§ **Task to carry out**: An exact copy of every entry is required, without the pictures.

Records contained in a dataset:
============================================================

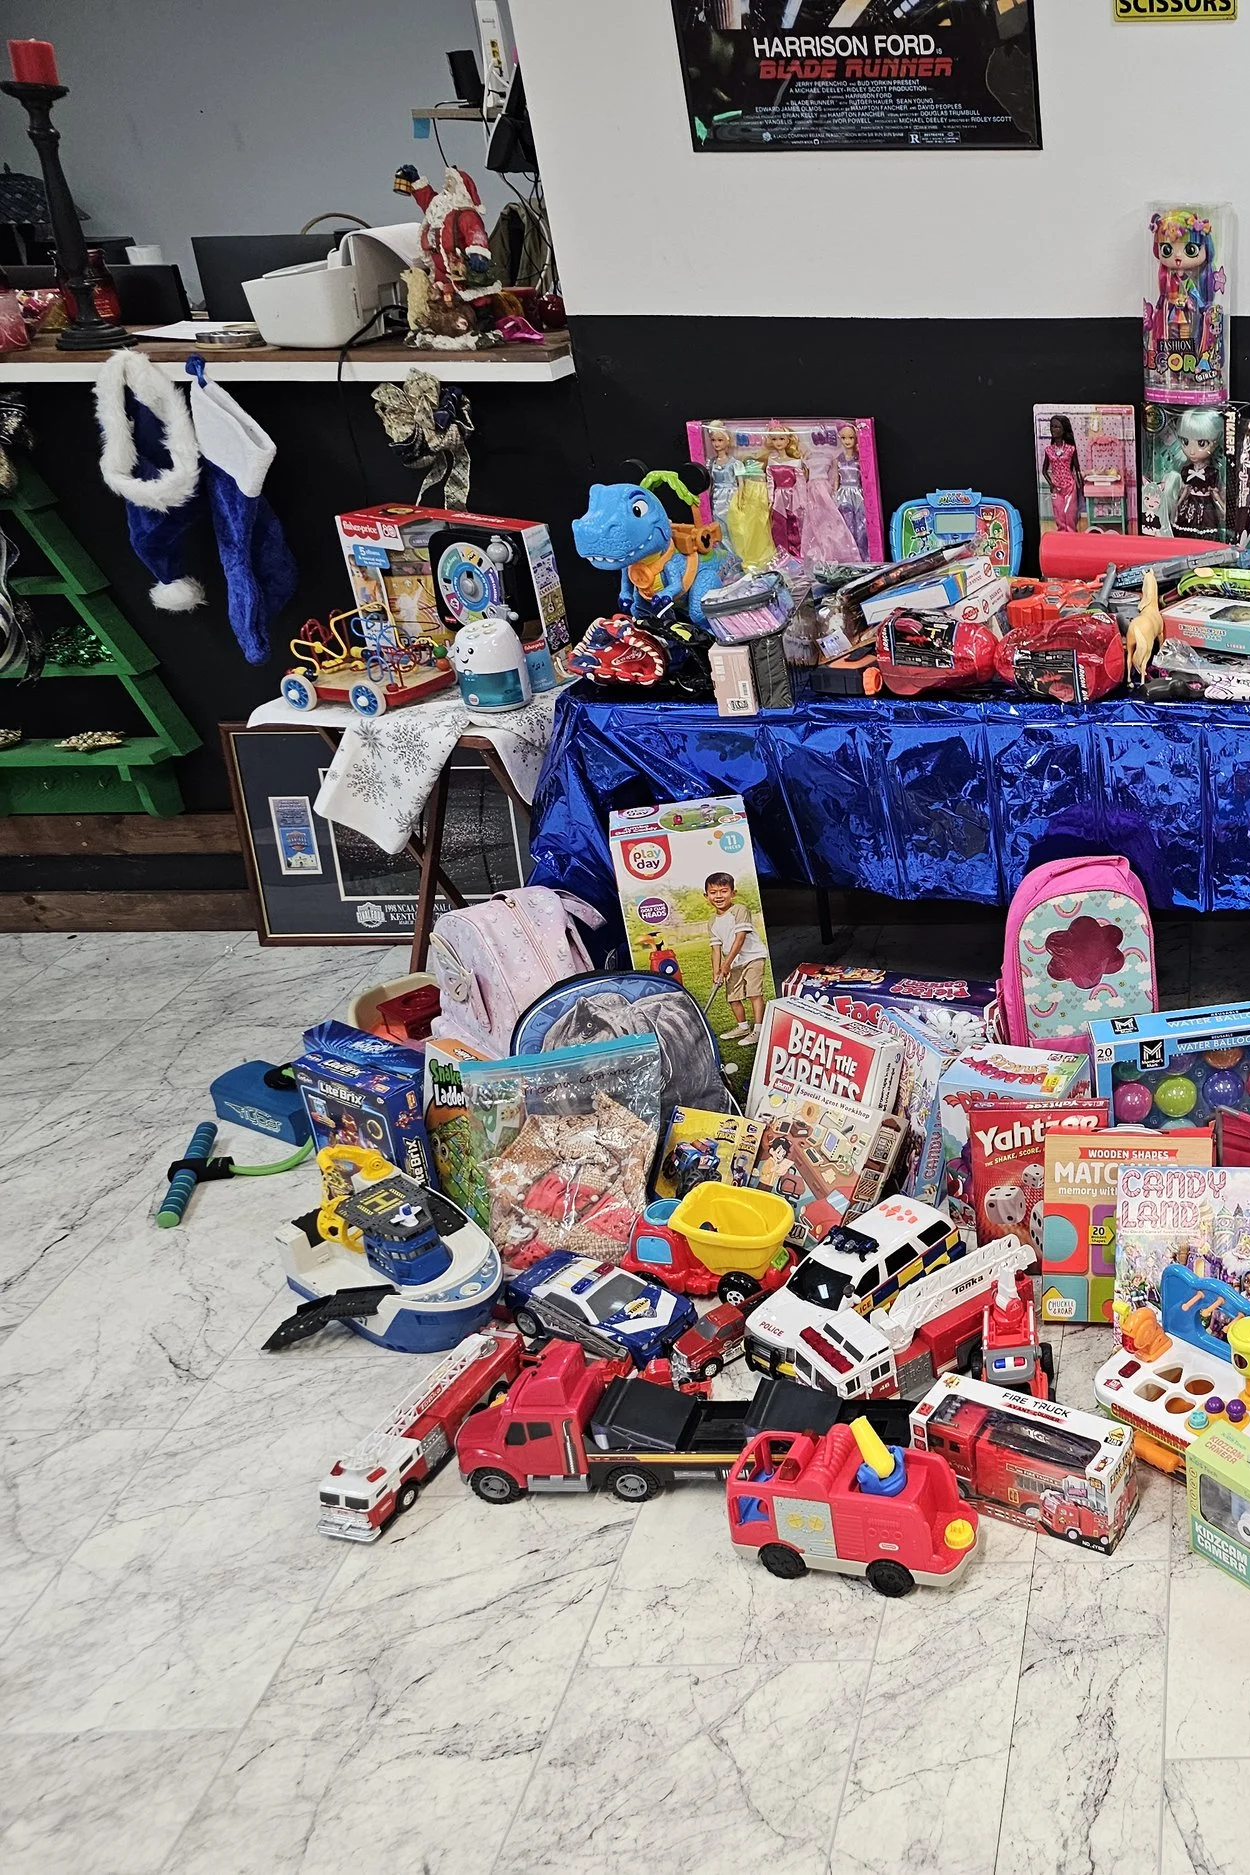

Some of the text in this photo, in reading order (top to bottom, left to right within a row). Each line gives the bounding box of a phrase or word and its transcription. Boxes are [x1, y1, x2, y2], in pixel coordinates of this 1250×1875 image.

[753, 34, 935, 58] HARRISON FORD
[759, 57, 953, 79] BLADE RUNNER
[1160, 340, 1192, 351] FASHION
[725, 834, 738, 845] 11
[633, 847, 661, 862] play
[636, 857, 660, 870] day
[390, 912, 417, 921] KENTU
[641, 910, 667, 919] HEADS
[834, 996, 883, 1025] Fac
[1166, 1018, 1211, 1029] WATER
[787, 1019, 858, 1077] BEAT THE
[1097, 1048, 1113, 1058] 20
[1176, 1041, 1211, 1052] WATER
[429, 1059, 463, 1084] Snake
[769, 1046, 861, 1102] PARENTS
[434, 1084, 469, 1107] Ladder
[799, 1088, 871, 1119] Special Agent Workshop
[993, 1147, 1042, 1164] SHAKE, SCORE,
[1088, 1150, 1169, 1160] WOODEN SHAPES
[1058, 1187, 1094, 1198] memory
[1121, 1169, 1227, 1199] CANDY
[1121, 1200, 1200, 1229] LAND
[1092, 1226, 1105, 1237] 20
[952, 1273, 985, 1295] Tonka
[628, 1299, 649, 1315] Tonka
[1047, 1300, 1075, 1309] CHUCKLE
[758, 1320, 785, 1338] POLICE
[1002, 1392, 1072, 1419] FIRE TRUCK
[1195, 1521, 1248, 1567] KIDZCAM
[1196, 1533, 1247, 1577] CAMERA

============================================================

§ **Answer to the problem**:
Some of the text in this photo, in reading order (top to bottom, left to right within a row). Each line gives the bounding box of a phrase or word and its transcription. Boxes are [x1, y1, x2, y2], in pixel coordinates of this 1250×1875 image.

[753, 34, 935, 58] HARRISON FORD
[759, 57, 953, 79] BLADE RUNNER
[1160, 340, 1192, 351] FASHION
[725, 834, 738, 845] 11
[633, 847, 661, 862] play
[636, 857, 660, 870] day
[390, 912, 417, 921] KENTU
[641, 910, 667, 919] HEADS
[834, 996, 883, 1025] Fac
[1166, 1018, 1211, 1029] WATER
[787, 1019, 858, 1077] BEAT THE
[1097, 1048, 1113, 1058] 20
[1176, 1041, 1211, 1052] WATER
[429, 1059, 463, 1084] Snake
[769, 1046, 861, 1102] PARENTS
[434, 1084, 469, 1107] Ladder
[799, 1088, 871, 1119] Special Agent Workshop
[993, 1147, 1042, 1164] SHAKE, SCORE,
[1088, 1150, 1169, 1160] WOODEN SHAPES
[1058, 1187, 1094, 1198] memory
[1121, 1169, 1227, 1199] CANDY
[1121, 1200, 1200, 1229] LAND
[1092, 1226, 1105, 1237] 20
[952, 1273, 985, 1295] Tonka
[628, 1299, 649, 1315] Tonka
[1047, 1300, 1075, 1309] CHUCKLE
[758, 1320, 785, 1338] POLICE
[1002, 1392, 1072, 1419] FIRE TRUCK
[1195, 1521, 1248, 1567] KIDZCAM
[1196, 1533, 1247, 1577] CAMERA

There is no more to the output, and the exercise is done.